Hand preference and language go hand-in-hand, or do they? According to researchers at the Yerkes National Primate Research Center of Emory University, handedness is not associated with the language area of the brain, as has been the accepted scientific thought throughout history. Rather, handedness is associated with the KNOB, the area of the brain known for controlling hand movements in primates and, now, for determining handedness in chimpanzees. The researchers report their groundbreaking findings in the December 6 issue of Behavioral Neuroscience.

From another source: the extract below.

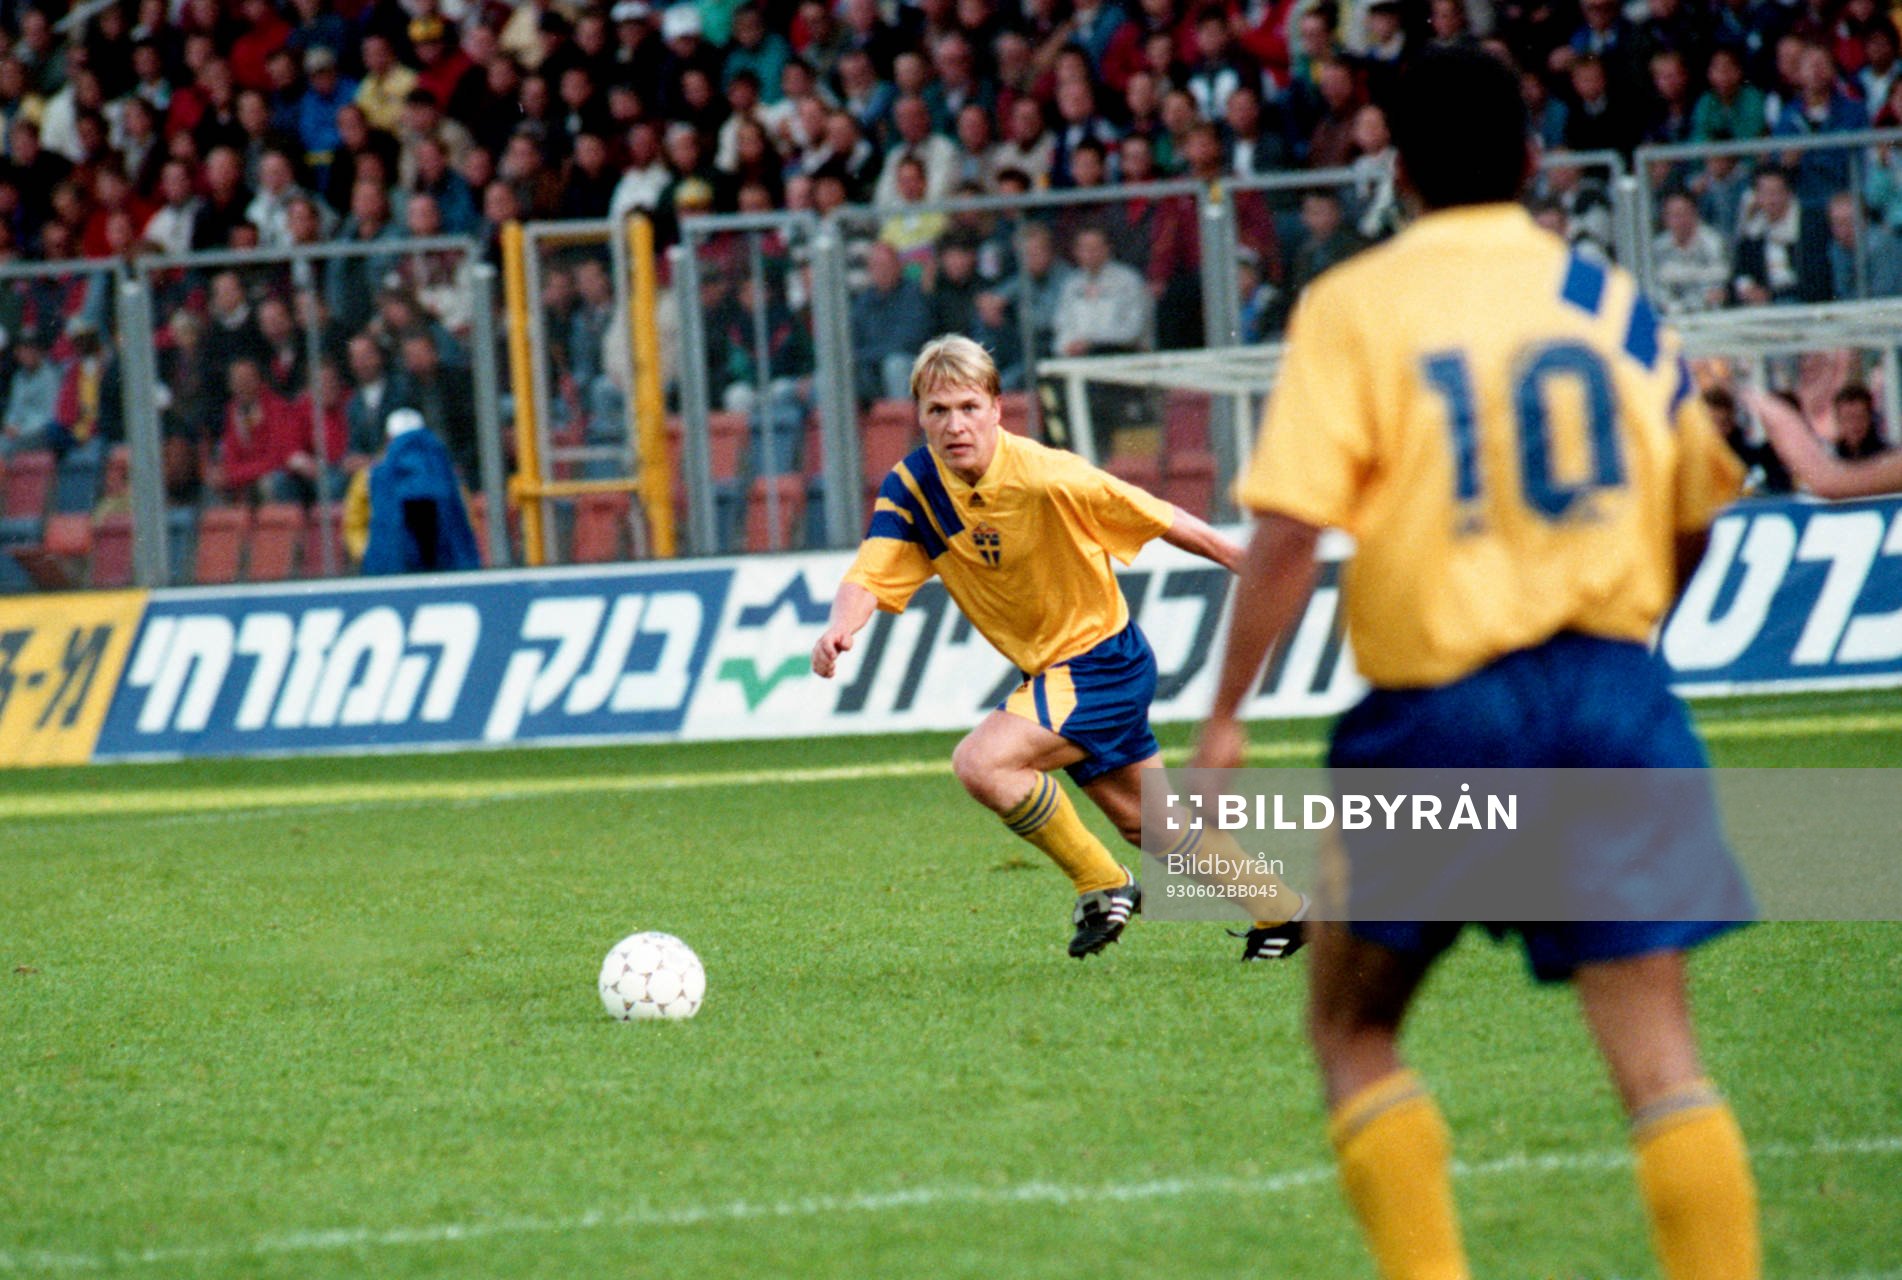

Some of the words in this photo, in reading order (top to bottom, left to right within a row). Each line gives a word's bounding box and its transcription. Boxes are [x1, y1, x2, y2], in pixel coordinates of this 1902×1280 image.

[1420, 342, 1624, 528] 10
[128, 603, 481, 733] המזרחי
[483, 591, 703, 742] בנק

According to Bill Hopkins, PhD, research associate in the Division of Psychobiology at the Yerkes Research Center and the studys lead investigator, "The dominant scientific view has linked hand preference in humans with the area of the brain that controls language. After observing hand preference in chimpanzees, which have no comparable language capabilities, we concluded there must be another reason for handedness. Because human and chimpanzee brain structures are so similar, we wanted to determine if human handedness evolved from an area of the brain other than the language area."
Hopkins and his research team coordinated a series of motor tasks with chimpanzees to determine each animals hand preference and then looked at magnetic resonance imaging (MRI) scans of the animals brains. They found asymmetries in the KNOB and in the area that is homologous to the human language brain region. A detailed review of the data showed the asymmetries in the KNOB corresponded to right- and left-handedness whereas the asymmetries in the language area did not, leading the researchers to conclude handedness is linked explicitly to the KNOB and not other brain regions.
Kelly Thompson | EurekAlert!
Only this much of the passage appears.